As used herein, the terms agent and drug are used interchangeably. As used herein, the term “is toxic to” refers to the ability of an agent or compound to kill or inhibit the growth/proliferation of tumorigenic cells. Large-scale screens include screens wherein hundreds or thousands of compounds are screened in a high-throughput format for selective toxicity to engineered tumorigenic cells. In one embodiment of the invention, selective toxicity is determined by comparing cell viability of test cells, which are tumorigenic cells, and control cells after contact with a candidate agent. An appropriate control is a cell that is the same type of cell as that of test cells except that the control cell is not tumorigenic. For example, control cells may be the parental primary cells from which the test cells are derived. Control cells are contacted with the candidate agent under the same conditions as the test cells. An appropriate control may be run simultaneously, or it may be pre-established (e.g., a pre-established standard or reference). Cell viability may be determined by any of a variety of means known in the art, including the use of dyes such as Sytox, calcein acetoxymethyl ester (calcein AM) and Alamar Blue. In certain embodiments of the invention, a dye such as calcein AM is applied to test and control cells after treatment with a candidate agent. In live cells, calcein AM is cleaved by intracellular esterases, forming the anionic fluorescent derivative calcein, which cannot diffuse out of live cells. Hence, live cells exhibit a green fluorescence when incubated with calcein AM, whereas dead cells do not. The green fluorescence that is exhibited by live cells can be detected and can thereby provide a measurement of cell viability.

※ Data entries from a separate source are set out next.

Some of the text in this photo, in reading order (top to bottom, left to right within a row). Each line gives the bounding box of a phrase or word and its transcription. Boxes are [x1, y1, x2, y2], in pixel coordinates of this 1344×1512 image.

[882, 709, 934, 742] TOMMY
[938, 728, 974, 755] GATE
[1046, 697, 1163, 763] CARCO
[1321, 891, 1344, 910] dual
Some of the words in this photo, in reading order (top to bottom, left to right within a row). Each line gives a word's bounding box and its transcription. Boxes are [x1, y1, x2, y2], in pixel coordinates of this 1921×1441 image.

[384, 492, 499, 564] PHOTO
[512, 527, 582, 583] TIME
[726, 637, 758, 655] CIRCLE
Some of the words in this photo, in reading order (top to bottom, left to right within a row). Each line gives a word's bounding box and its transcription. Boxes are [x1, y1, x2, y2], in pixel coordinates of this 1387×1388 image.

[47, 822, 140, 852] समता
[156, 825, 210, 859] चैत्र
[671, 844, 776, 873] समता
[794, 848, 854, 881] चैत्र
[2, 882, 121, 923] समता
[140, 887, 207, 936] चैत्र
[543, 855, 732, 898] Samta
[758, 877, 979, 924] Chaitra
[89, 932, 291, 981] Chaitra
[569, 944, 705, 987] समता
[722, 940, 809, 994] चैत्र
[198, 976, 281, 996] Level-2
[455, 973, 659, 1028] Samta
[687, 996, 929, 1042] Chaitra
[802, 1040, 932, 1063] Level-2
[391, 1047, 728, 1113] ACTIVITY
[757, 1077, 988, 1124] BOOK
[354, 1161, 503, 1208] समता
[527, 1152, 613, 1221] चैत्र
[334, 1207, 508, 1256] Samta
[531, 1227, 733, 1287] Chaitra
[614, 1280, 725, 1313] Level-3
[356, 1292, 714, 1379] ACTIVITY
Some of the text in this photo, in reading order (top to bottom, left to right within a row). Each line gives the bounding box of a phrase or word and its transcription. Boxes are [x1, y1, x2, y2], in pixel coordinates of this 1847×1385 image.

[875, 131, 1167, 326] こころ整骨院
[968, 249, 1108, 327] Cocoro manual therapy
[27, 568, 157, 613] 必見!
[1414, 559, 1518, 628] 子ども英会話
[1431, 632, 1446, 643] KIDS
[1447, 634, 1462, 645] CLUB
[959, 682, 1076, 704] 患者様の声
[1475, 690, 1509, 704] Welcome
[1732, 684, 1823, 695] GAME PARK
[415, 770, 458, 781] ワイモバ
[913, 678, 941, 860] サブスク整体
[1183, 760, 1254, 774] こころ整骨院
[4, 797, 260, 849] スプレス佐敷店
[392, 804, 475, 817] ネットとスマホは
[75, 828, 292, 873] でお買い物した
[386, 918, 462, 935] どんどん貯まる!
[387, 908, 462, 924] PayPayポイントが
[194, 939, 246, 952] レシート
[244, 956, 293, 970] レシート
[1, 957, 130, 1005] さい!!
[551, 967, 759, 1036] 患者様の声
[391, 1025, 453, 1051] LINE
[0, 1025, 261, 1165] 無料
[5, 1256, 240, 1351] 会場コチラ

In certain embodiments of the invention, an agent that has been identified as one that selectively induces cell death in vitro is further characterized in an animal model. Animal models include mice, rats, rabbits, and monkeys, which can be nontransgenic wildtype) or transgenic animals. The effect of the agent that selectively induces cell death in engineered tumorigenic cells may be assessed in an animal model for any number of effects, such as its ability to selectively induce cell death in tumorigenic cells in the animal and its general toxicity to the animal. For example, the method can comprise further assessing the selective toxicity of an agent (drug) to tumorigenic cells in an appropriate mouse model.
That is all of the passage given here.